* **Exercise**: If a line below falls between the line with "this 1125×1334 image." and the line with "this 1365×2048 image.", or is one of those two, output it exactly; output nothing else and no pictures.

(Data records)
---+---

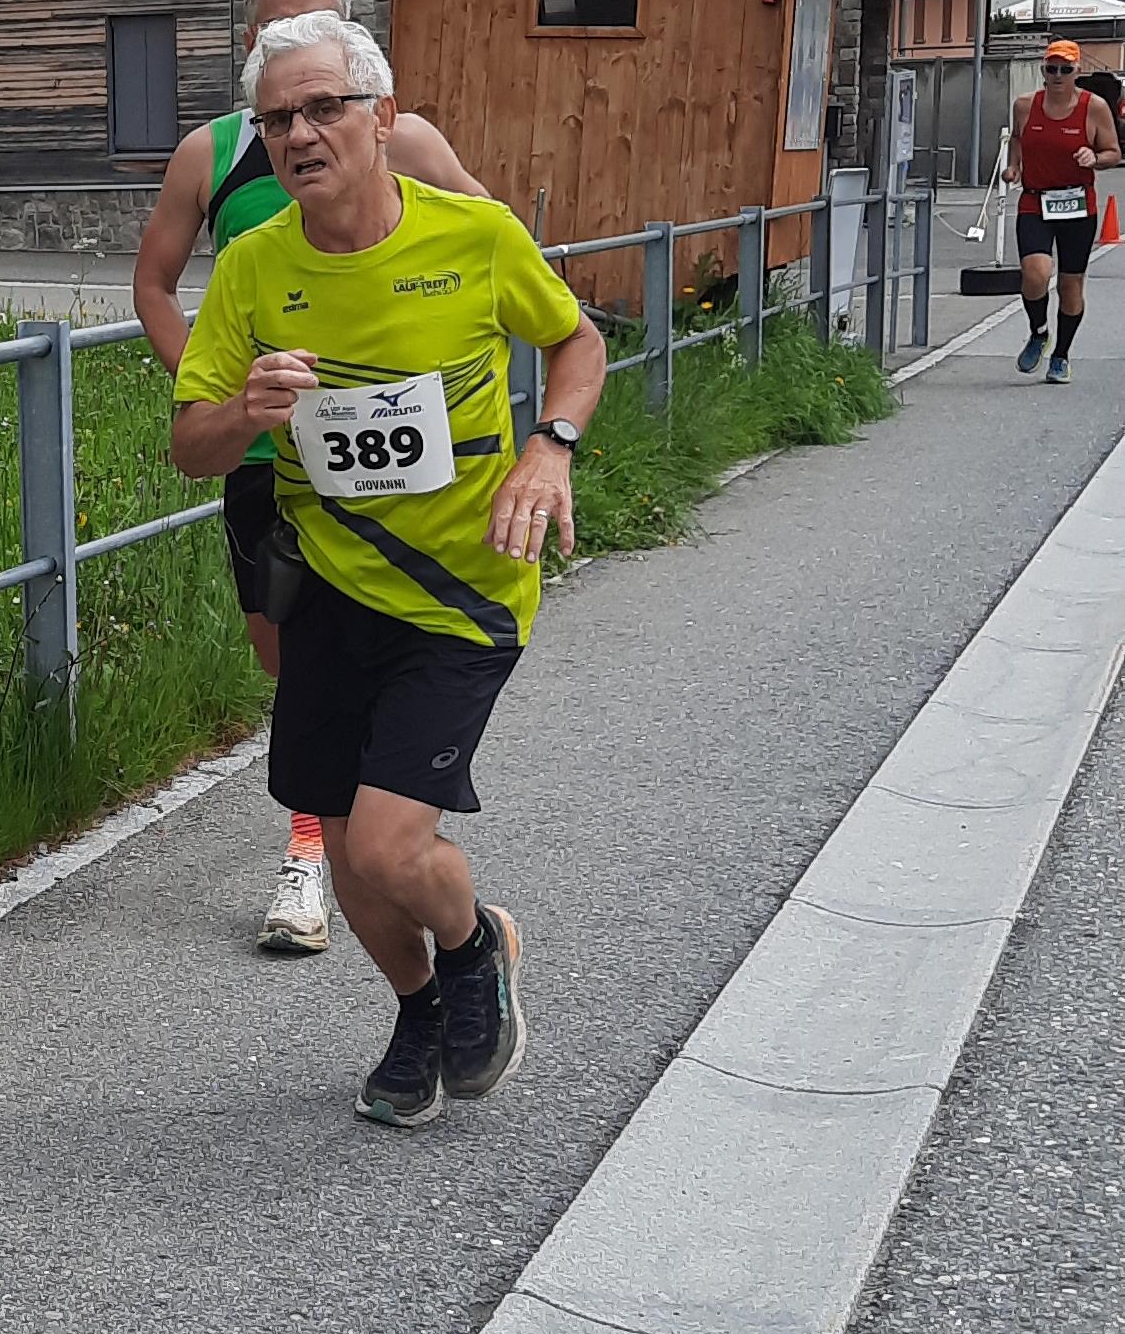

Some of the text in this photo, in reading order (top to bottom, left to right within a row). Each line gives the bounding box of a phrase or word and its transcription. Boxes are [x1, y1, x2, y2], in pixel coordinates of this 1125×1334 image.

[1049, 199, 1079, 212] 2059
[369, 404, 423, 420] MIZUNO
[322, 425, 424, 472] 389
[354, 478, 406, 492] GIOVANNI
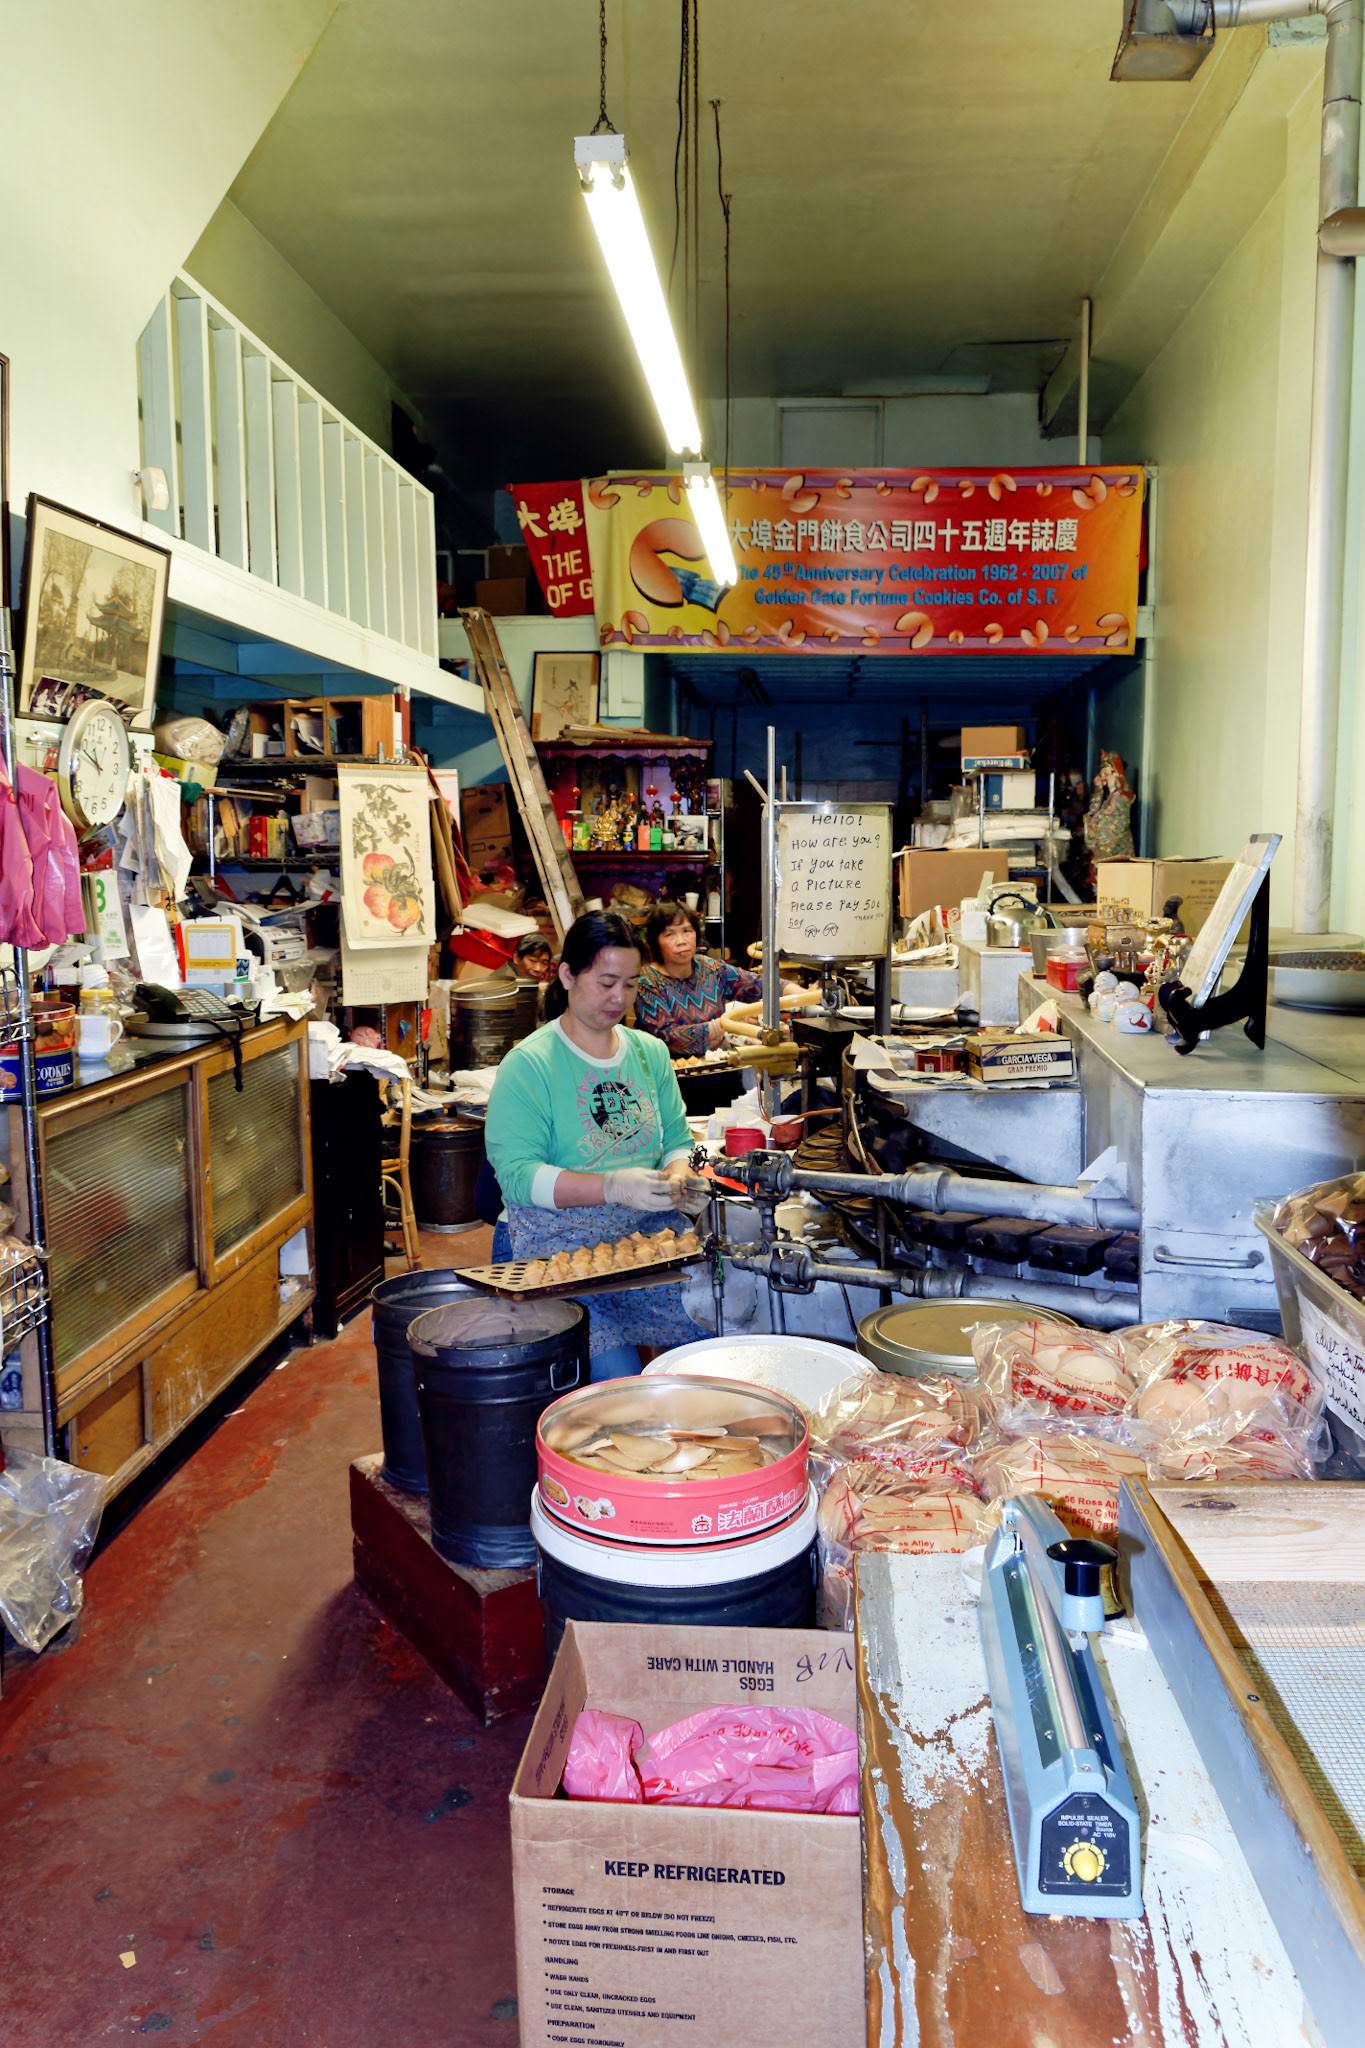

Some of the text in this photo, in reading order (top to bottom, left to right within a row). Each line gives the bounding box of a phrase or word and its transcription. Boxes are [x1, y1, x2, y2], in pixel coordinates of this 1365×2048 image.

---+---

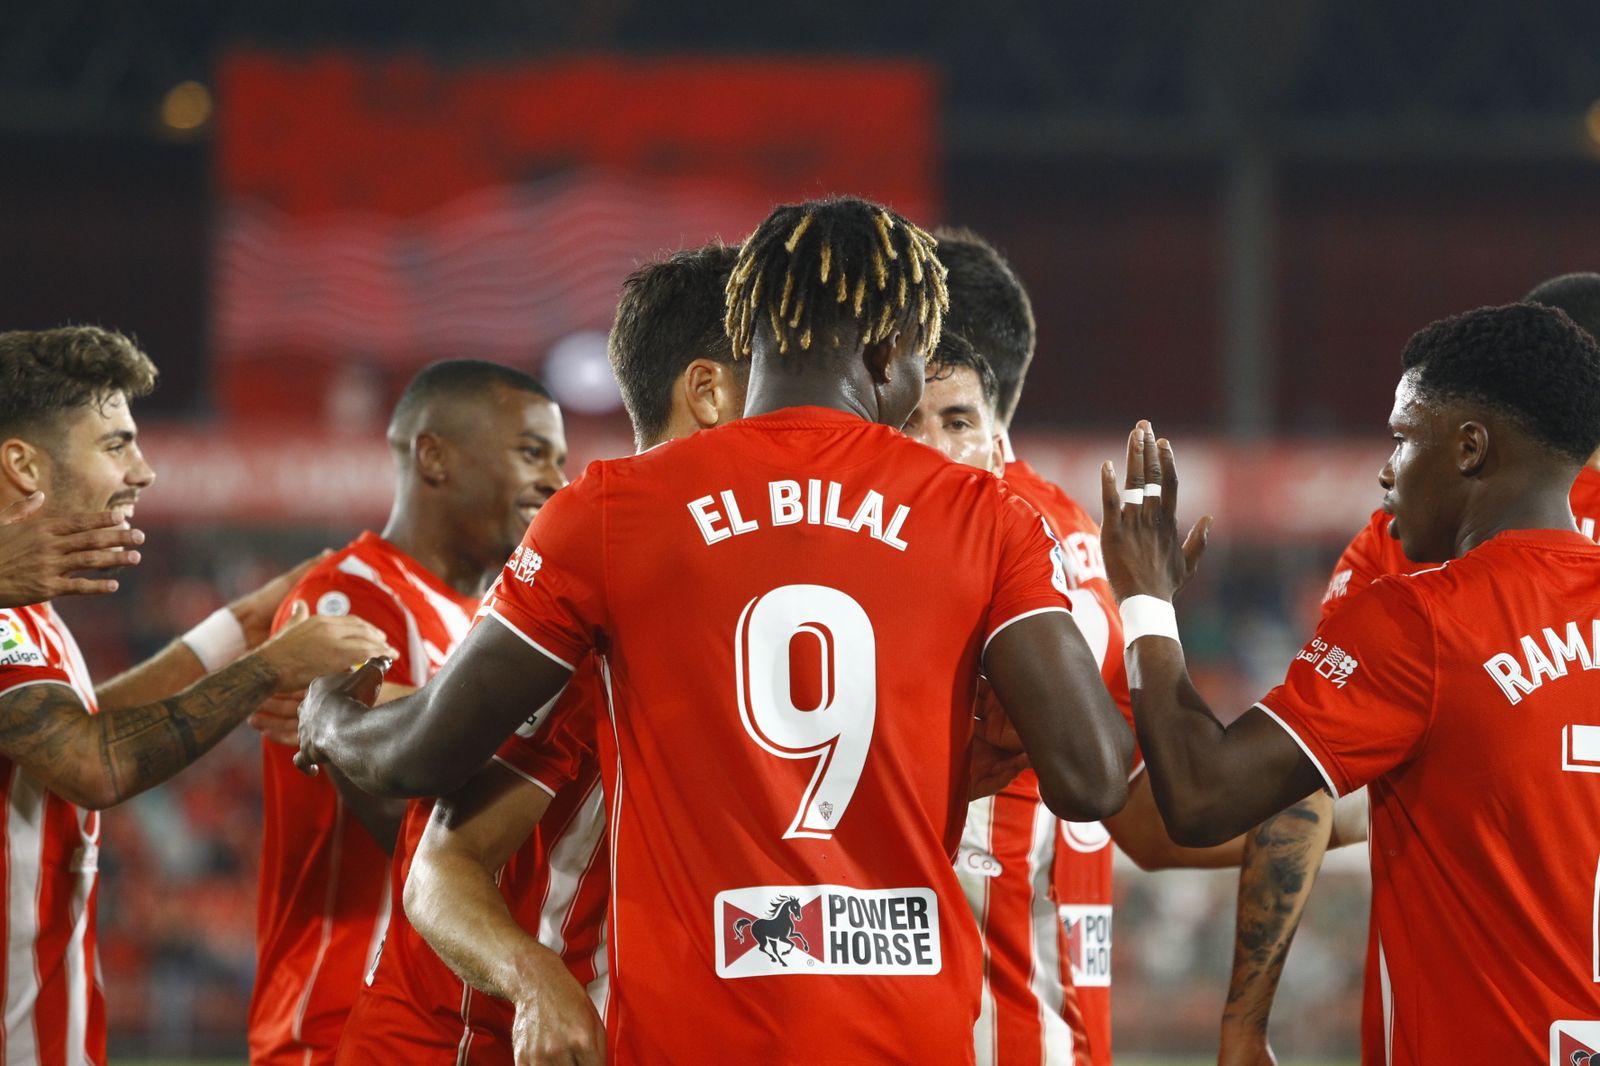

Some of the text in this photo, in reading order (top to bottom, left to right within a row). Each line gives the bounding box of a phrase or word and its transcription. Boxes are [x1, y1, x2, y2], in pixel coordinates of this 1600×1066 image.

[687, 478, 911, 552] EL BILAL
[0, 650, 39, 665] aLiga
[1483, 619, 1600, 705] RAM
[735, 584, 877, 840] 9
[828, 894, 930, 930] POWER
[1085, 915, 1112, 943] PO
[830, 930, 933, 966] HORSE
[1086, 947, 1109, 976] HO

---+---

* **Answer for the task**:
Some of the text in this photo, in reading order (top to bottom, left to right within a row). Each line gives the bounding box of a phrase or word and its transcription. Boxes are [x1, y1, x2, y2], in pixel coordinates of this 1125×1334 image.

[1049, 199, 1079, 212] 2059
[369, 404, 423, 420] MIZUNO
[322, 425, 424, 472] 389
[354, 478, 406, 492] GIOVANNI

Some of the text in this photo, in reading order (top to bottom, left to right within a row). Each line gives the bounding box of a phrase or word and its transcription. Boxes are [x1, y1, x2, y2], in pixel coordinates of this 1365×2048 image.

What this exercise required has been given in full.